Critical Clinical Pitfalls
Conditions That Mimic Ischemia
The ECG alone is often insufficient to diagnose acute myocardial ischemia because ST-T abnormalities can occur in multiple non-ischemic conditions 3:
- Pulmonary embolism - can produce T-wave inversions in inferior and lateral leads 3, 4
- Intracranial hemorrhage - produces characteristic deep T-wave inversions (CVA pattern) 1
- Pericarditis or myocarditis - causes diffuse ST-T abnormalities 3
- Left ventricular hypertrophy - produces secondary repolarization changes 3
- Cardiomyopathy - particularly hypertrophic and arrhythmogenic forms can show T-wave inversions in multiple territories 5, 6
- Electrolyte abnormalities and hypothermia 3
Essential Comparison Strategy
Always compare the current ECG to prior tracings when available - this is critical because pseudo-normalization of previously inverted T waves during acute chest discomfort may actually indicate acute myocardial ischemia 3.

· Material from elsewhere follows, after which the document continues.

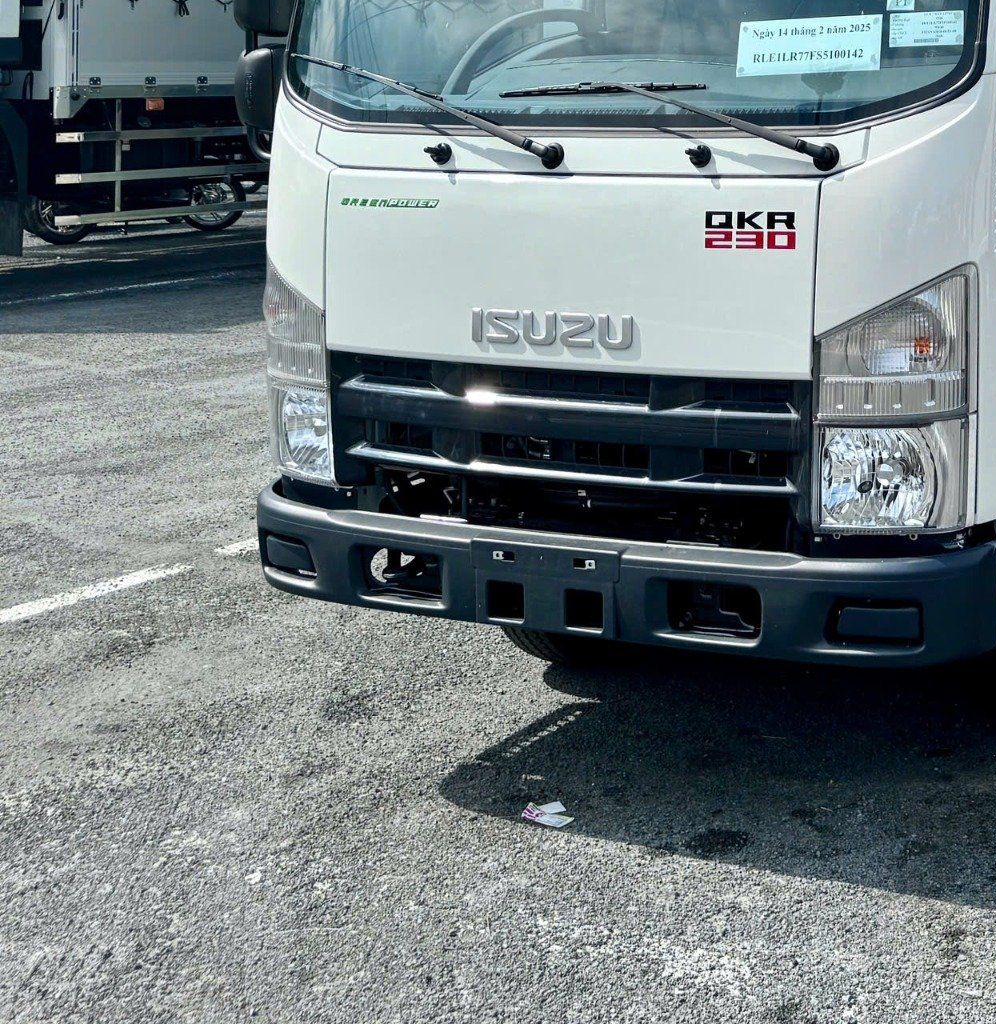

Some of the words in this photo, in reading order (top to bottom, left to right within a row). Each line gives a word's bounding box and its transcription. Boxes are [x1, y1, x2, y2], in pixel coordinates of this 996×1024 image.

Risk Stratification Based on T-Wave Characteristics
Depth and Distribution Matter
Minor T-wave inversions (0.02-0.03 sec duration, ≥0.1 mV deep) become more suggestive of prior MI when accompanied by Q waves in the same lead group 3.
Deeper T-wave inversions in multiple territories are early indicators of underlying cardiomyopathy. A T-wave depth cut-off of ≥0.183 mV best differentiates presence versus absence of cardiomyopathy in young individuals 5.
Deep T-wave inversions ≥0.5 mV in multiple contiguous leads are particularly concerning for structural heart disease, including hypertrophic cardiomyopathy and arrhythmogenic right ventricular cardiomyopathy 6.
Immediate Clinical Action Required
When Ischemia is Suspected
Obtain serial ECGs - new focal T-wave inversions in an anatomic distribution may be an early warning sign of impending myocardial infarction 2.
Assess clinical context - the presence of chest pain, cardiac risk factors, and timing of symptoms relative to ECG changes is essential 3, 1.
Consider cardiac biomarkers - troponin elevation combined with T-wave inversions in this distribution confirms myocardial injury 3.
Evaluate for posterior involvement - ST depression in V1-V3 with positive terminal T waves may indicate posterior wall ischemia when combined with inferior changes; consider recording posterior leads V7-V9 3.
Special Population Considerations
In young, asymptomatic individuals (particularly athletes), T-wave inversions in inferior and lateral leads may represent:
- Normal variant or physiologic adaptation 7, 8
- Early cardiomyopathy before structural changes are detectable 5, 6
- Exercise stress testing shows T-wave reversion in 79-83% of structurally normal hearts, but has low sensitivity and specificity for cardiac disease in pediatric patients 7, 8
Bottom Line for Clinical Management
The combination of inverted T waves in II, III, aVF, V5, V6 demands immediate evaluation for active ischemia or prior infarction in the inferolateral territory. Obtain prior ECGs for comparison, assess clinical symptoms, measure cardiac biomarkers, and consider advanced imaging or coronary angiography based on the clinical presentation 3, 1, 2. The broad differential diagnosis requires systematic exclusion of non-ischemic causes, particularly in younger patients or those without typical cardiac risk factors 3, 5, 6.